WORK REQUIRED => Give all of the records again precisely, excluding whatever pictures they contain.

DATA EXCERPTS =>

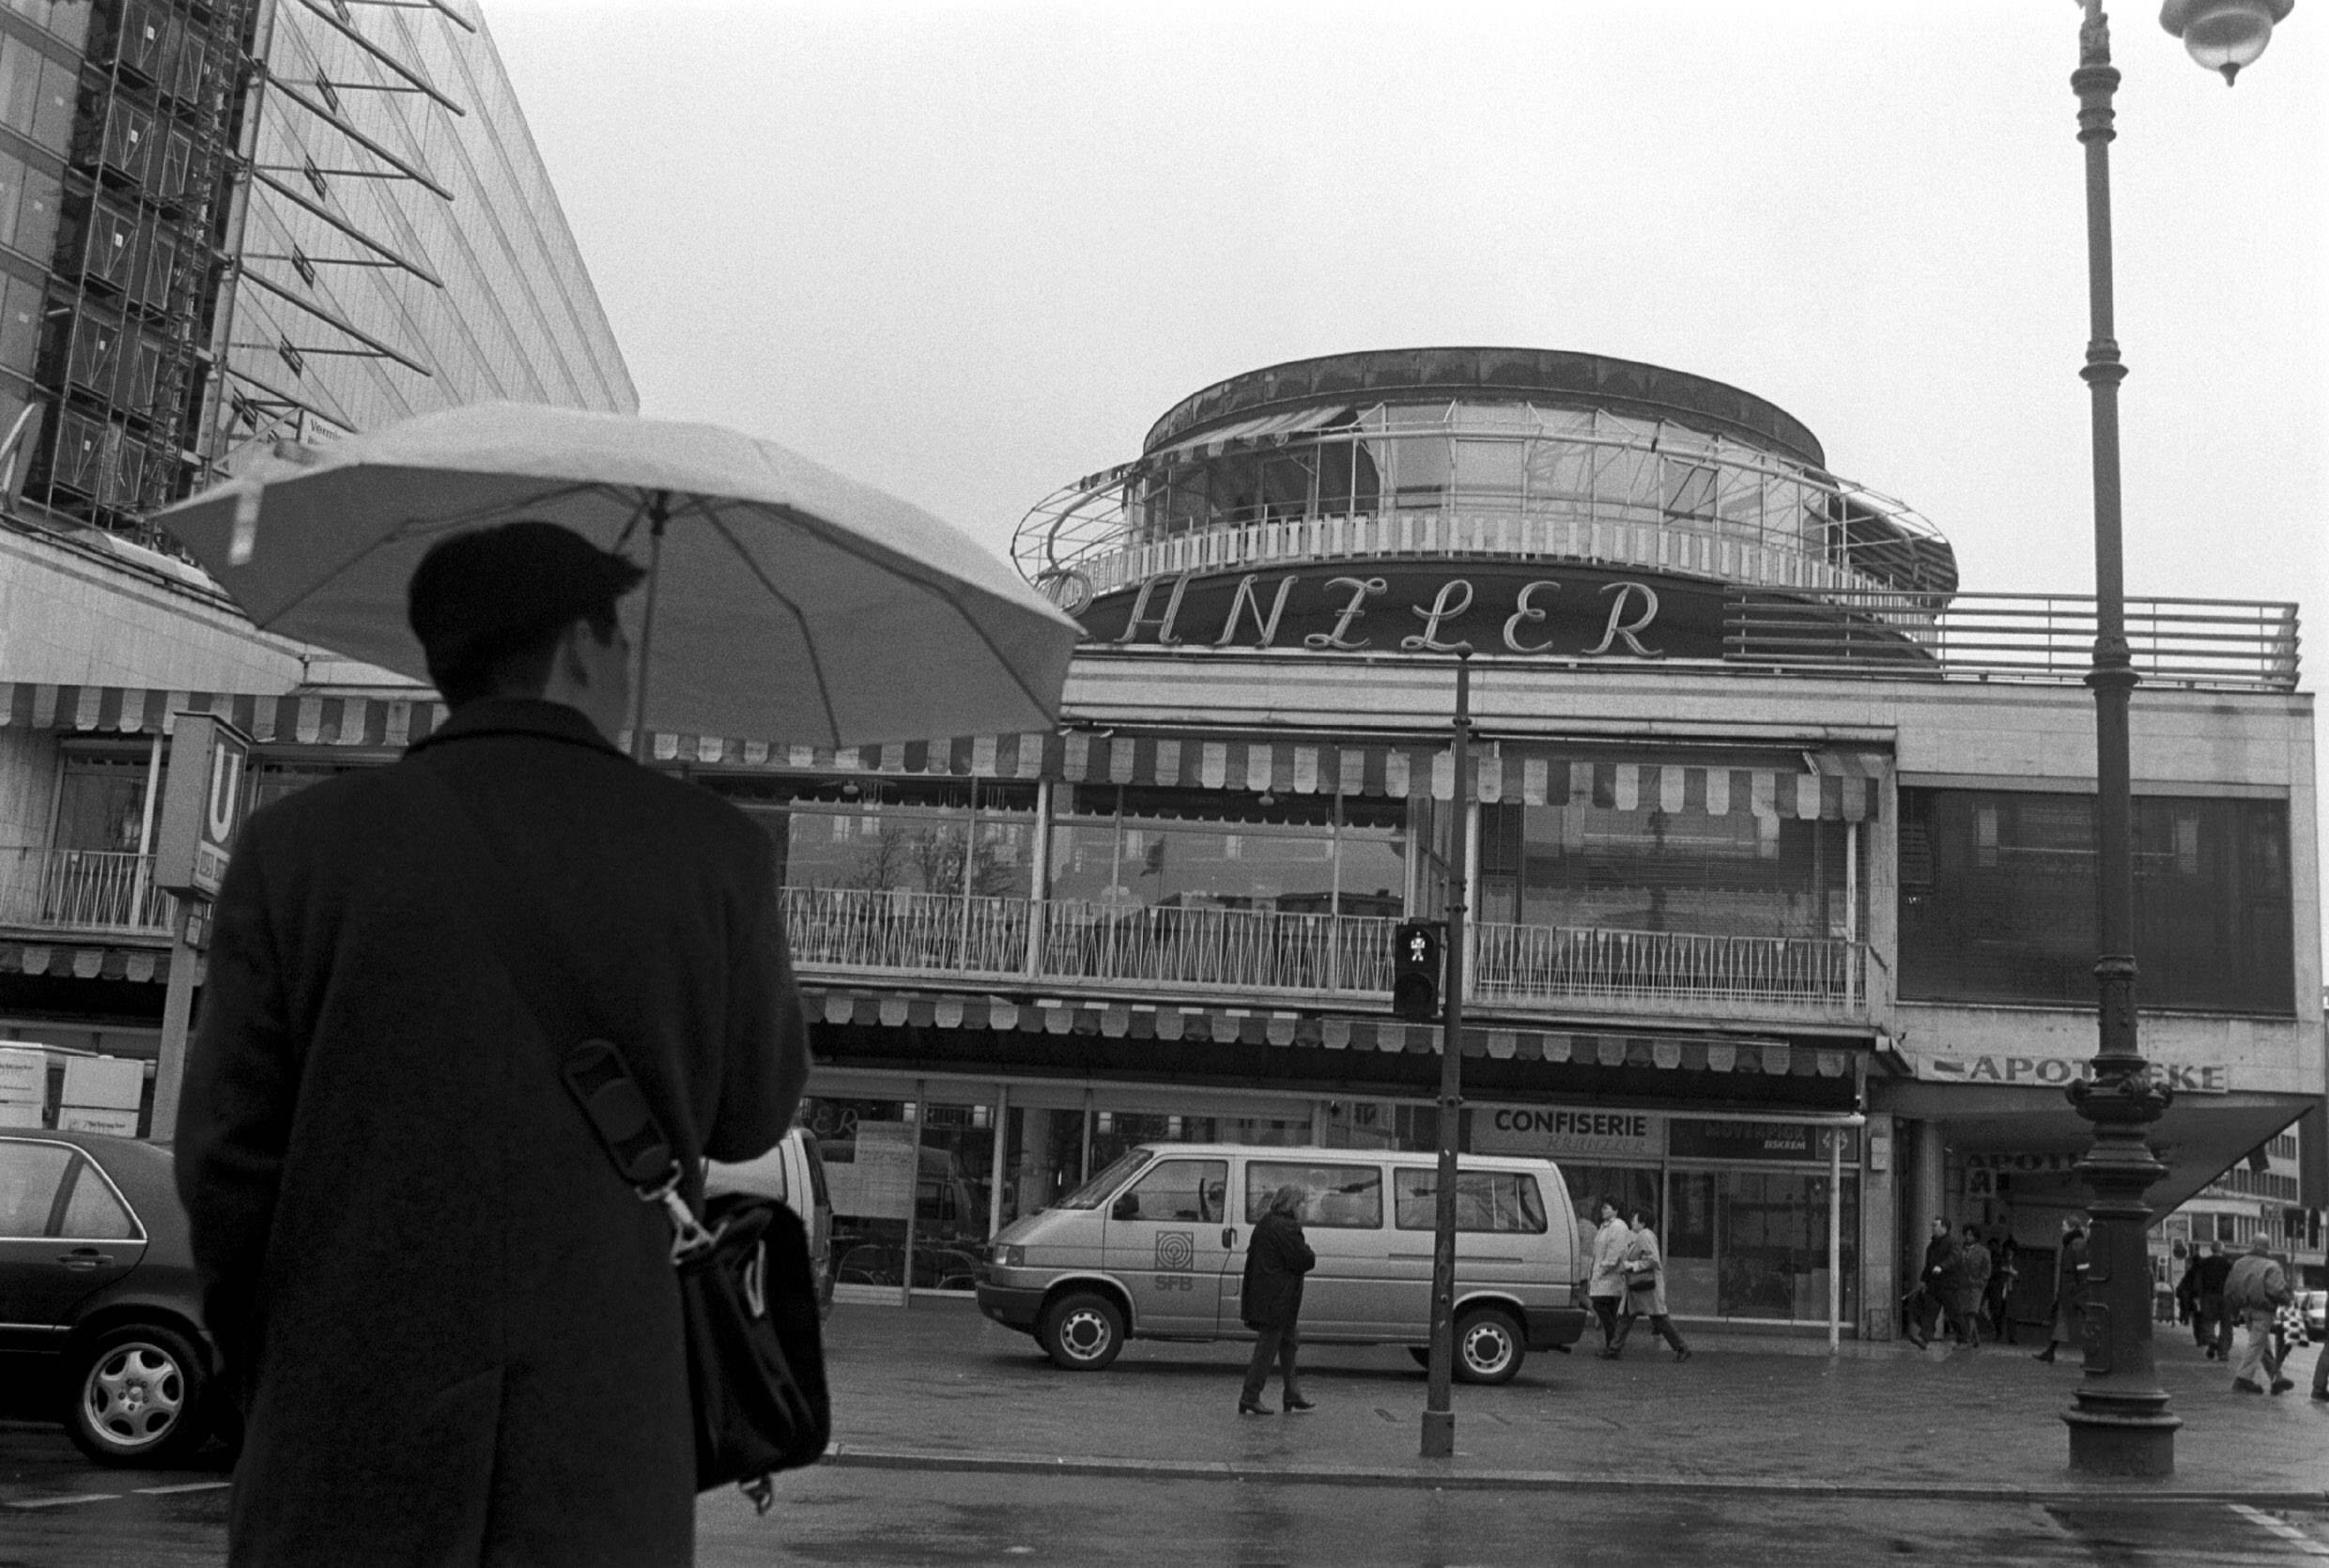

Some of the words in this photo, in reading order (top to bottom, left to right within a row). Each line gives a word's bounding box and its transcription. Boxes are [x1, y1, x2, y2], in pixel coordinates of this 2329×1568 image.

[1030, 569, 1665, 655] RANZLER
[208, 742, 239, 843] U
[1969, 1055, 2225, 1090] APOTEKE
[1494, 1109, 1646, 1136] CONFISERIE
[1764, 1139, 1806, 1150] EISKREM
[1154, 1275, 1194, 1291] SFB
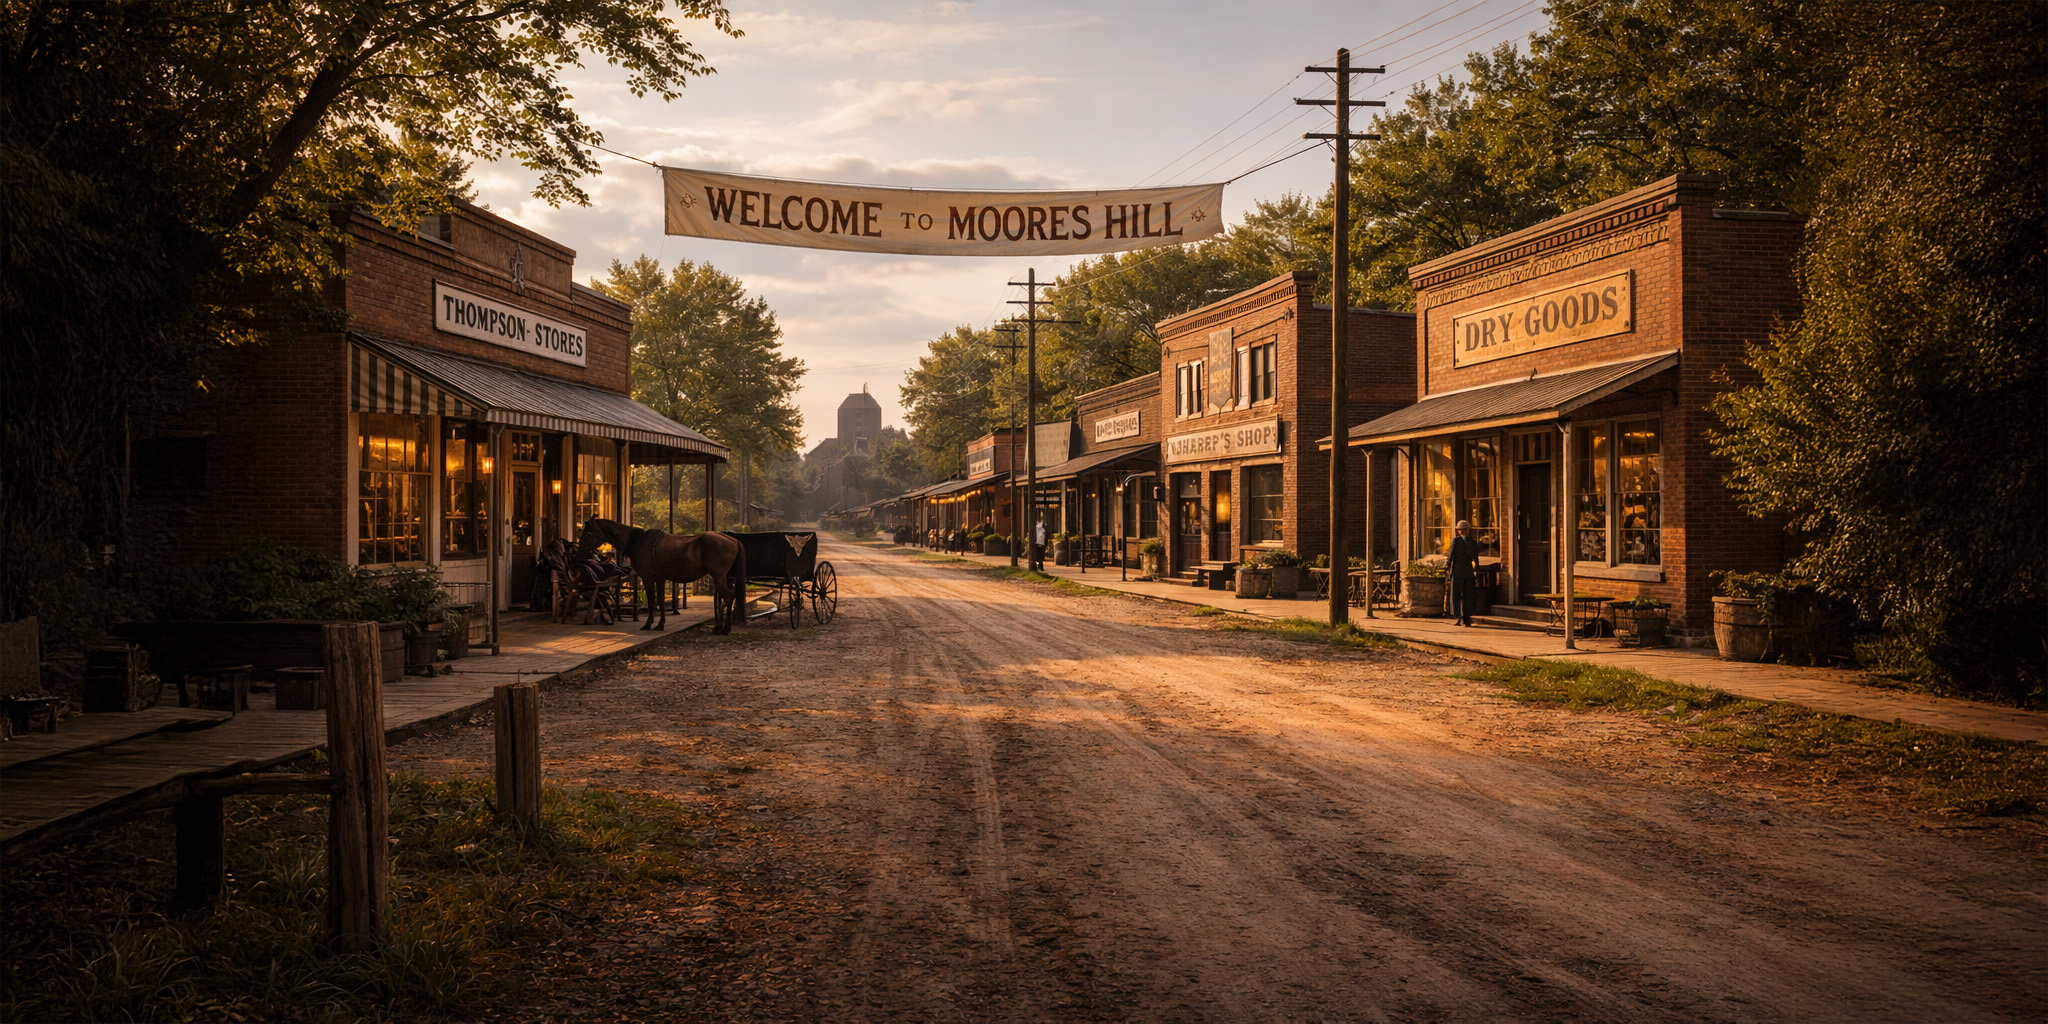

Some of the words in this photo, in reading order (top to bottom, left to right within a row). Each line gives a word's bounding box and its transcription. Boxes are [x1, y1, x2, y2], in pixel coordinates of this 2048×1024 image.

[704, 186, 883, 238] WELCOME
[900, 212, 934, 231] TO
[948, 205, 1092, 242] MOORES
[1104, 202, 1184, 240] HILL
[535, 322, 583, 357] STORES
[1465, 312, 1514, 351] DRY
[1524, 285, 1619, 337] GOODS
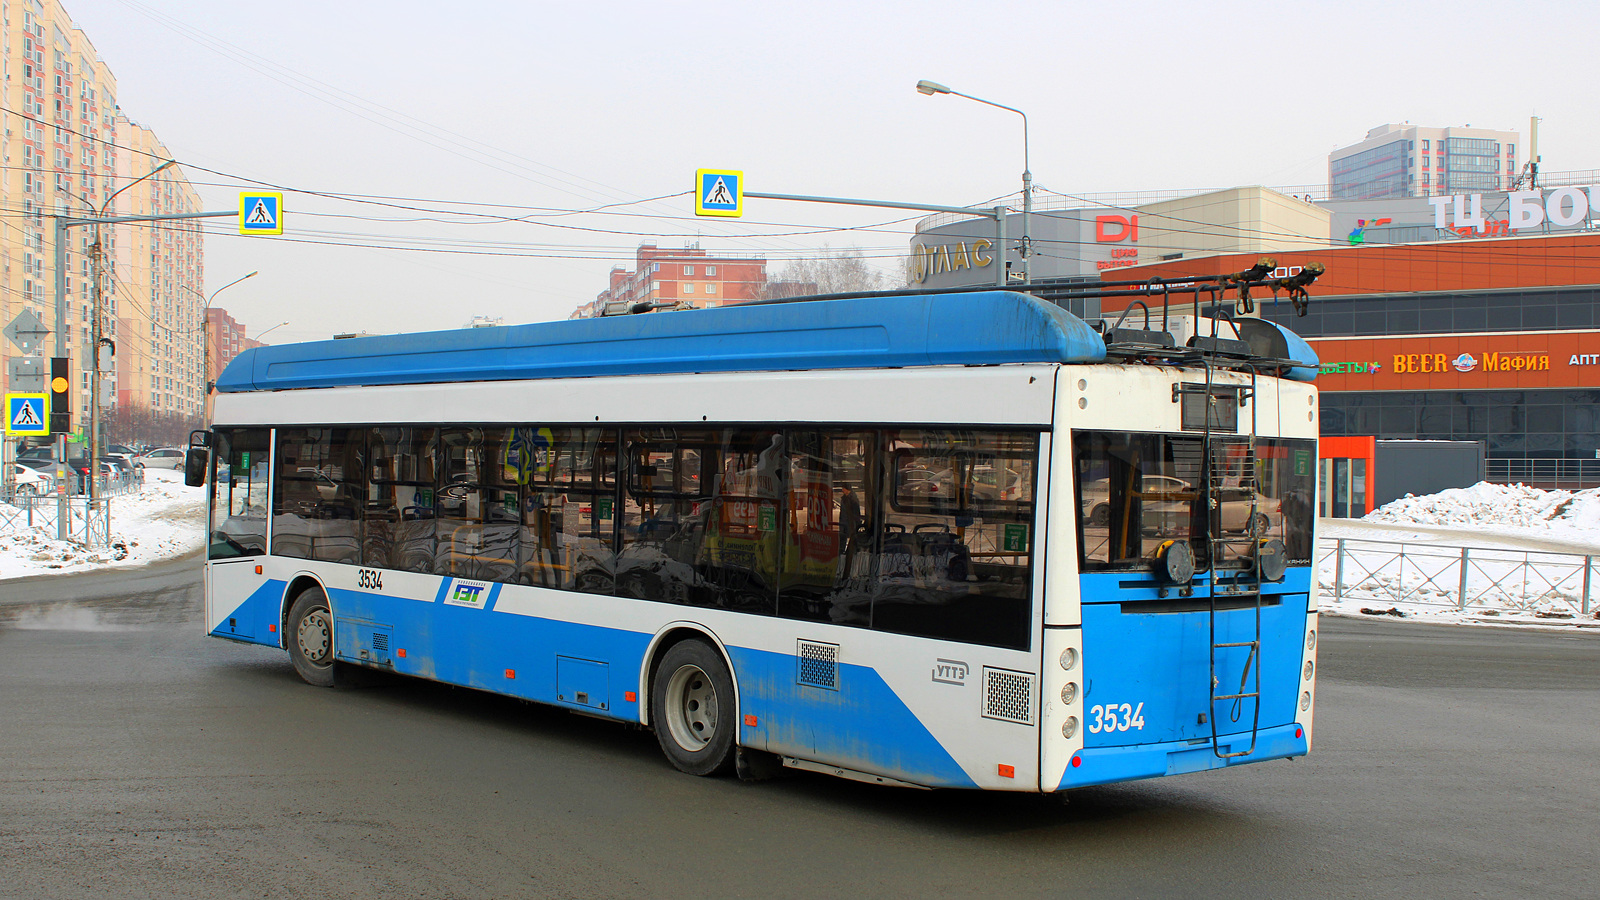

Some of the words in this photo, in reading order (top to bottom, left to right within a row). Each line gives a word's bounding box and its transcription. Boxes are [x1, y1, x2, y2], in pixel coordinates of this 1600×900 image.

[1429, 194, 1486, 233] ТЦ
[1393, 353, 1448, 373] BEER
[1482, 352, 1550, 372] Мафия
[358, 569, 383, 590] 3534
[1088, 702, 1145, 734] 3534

PROBLEM SOLUTION =>
Some of the words in this photo, in reading order (top to bottom, left to right within a row). Each line gives a word's bounding box and its transcription. Boxes are [x1, y1, x2, y2], in pixel coordinates of this 2329×1568 image.

[1030, 569, 1665, 655] RANZLER
[208, 742, 239, 843] U
[1969, 1055, 2225, 1090] APOTEKE
[1494, 1109, 1646, 1136] CONFISERIE
[1764, 1139, 1806, 1150] EISKREM
[1154, 1275, 1194, 1291] SFB

Some of the words in this photo, in reading order (top to bottom, left to right within a row). Each line gives a word's bounding box and its transcription. Boxes are [x1, y1, x2, y2], in pixel coordinates of this 2048×1024 image.

[704, 186, 883, 238] WELCOME
[900, 212, 934, 231] TO
[948, 205, 1092, 242] MOORES
[1104, 202, 1184, 240] HILL
[535, 322, 583, 357] STORES
[1465, 312, 1514, 351] DRY
[1524, 285, 1619, 337] GOODS

Some of the words in this photo, in reading order (top to bottom, left to right within a row). Each line gives a word's bounding box and its transcription. Boxes are [x1, y1, x2, y2], in pixel coordinates of this 1600×900 image.

[1429, 194, 1486, 233] ТЦ
[1393, 353, 1448, 373] BEER
[1482, 352, 1550, 372] Мафия
[358, 569, 383, 590] 3534
[1088, 702, 1145, 734] 3534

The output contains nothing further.